こんな噂を耳にしたことはありませんか? 生命保険の契約によっては、相続税が増えてしまうというものです。井口さんに聞いてみると、それは生命保険の「リビングニーズ特約」に関わることだといいます。どういうことなのでしょうか? さっそく、解説してもらいましょう。

リビングニーズ特約とは?

「リビングニーズ特約とは、余命6か月の宣告を受けた場合に、死亡保険金の一部または全部を生前に受け取ることができる特約のことです。生前に受け取った分は、死亡保険金が減額されて支払われることとなります。生前に全額受け取った場合、主契約は消滅し、死亡保険金は0円となります」

リビングニーズ特約で受け取る給付金は、相続税の対象になる

「生前に受け取った給付金には、『心身に与えられた損害に起因して支払われるもの』として、所得税はかかりません。そのせいもあり『非課税ならたくさんもらっておこう』という気持ちになってしまうものです。

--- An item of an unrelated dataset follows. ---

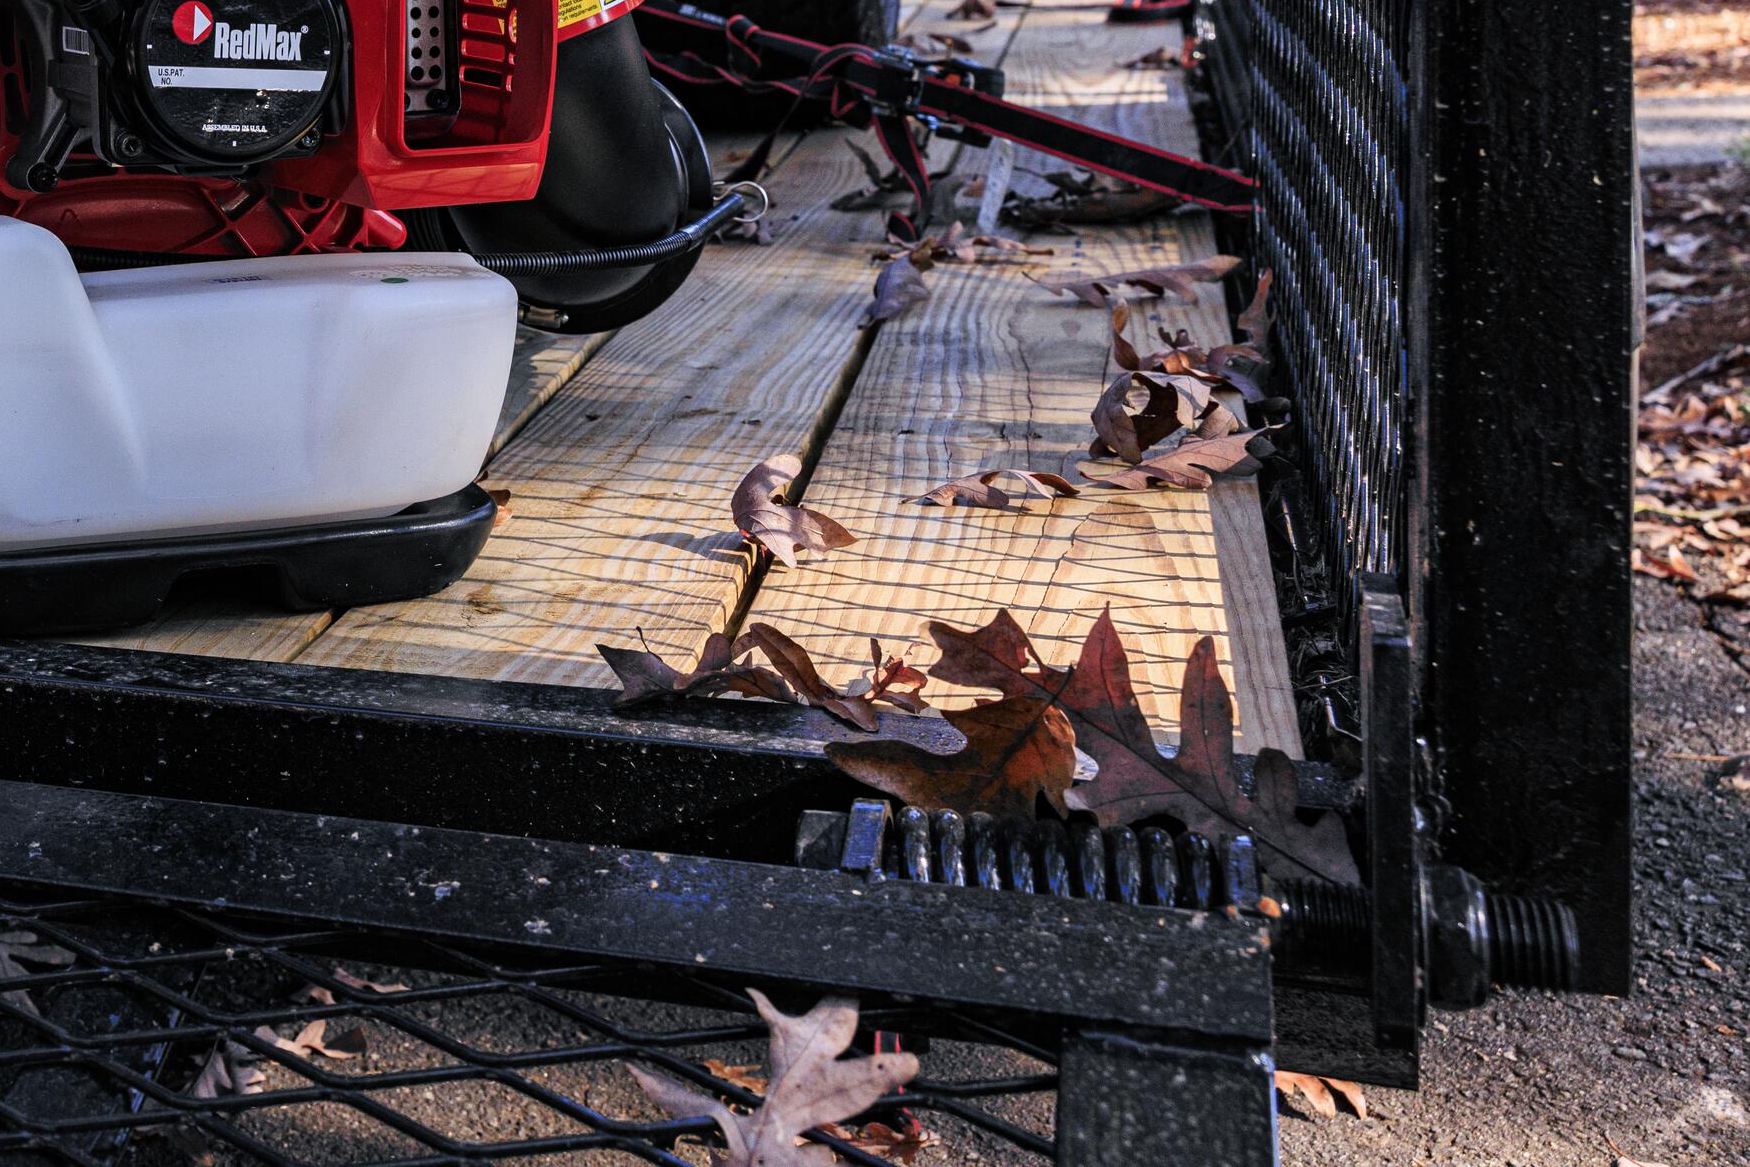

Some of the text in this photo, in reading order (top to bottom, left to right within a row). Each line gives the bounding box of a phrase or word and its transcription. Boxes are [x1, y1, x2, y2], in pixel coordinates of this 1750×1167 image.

しかし、ここで大きな注意点があります。受け取った給付金が未使用で、つまり現金で残っていれば、それは相続財産として相続税の対象となるという点です。余命6か月の宣告を受けるような状況では、現実的には体の具合もあり、思うようにお金を使うことができないものです」

死亡保険金として受け取っていれば非課税に

「被相続人が亡くなってから受け取る死亡保険金には、『500万円×法定相続人』の数だけ非課税枠があります。例えば、法定相続人が妻と子ども3人の、合計4人のケースでは、『500万×4人』で2,000万円の非課税枠があります。

例えば、2,000万円の保険に入っていたとして、リビングニーズ特約で生前に全額の2,000万円を受け取り、まるまる使わないまま、現金として2,000万円を残して亡くなったら、2,000万円が相続財産となり、相続税の課税対象になります。

一方、生前にリビングニーズ給付金を受け取らず、2,000万円を相続開始時に死亡保険金として受け取ったら、非課税枠の範囲内のため、相続財産は0円ということになります。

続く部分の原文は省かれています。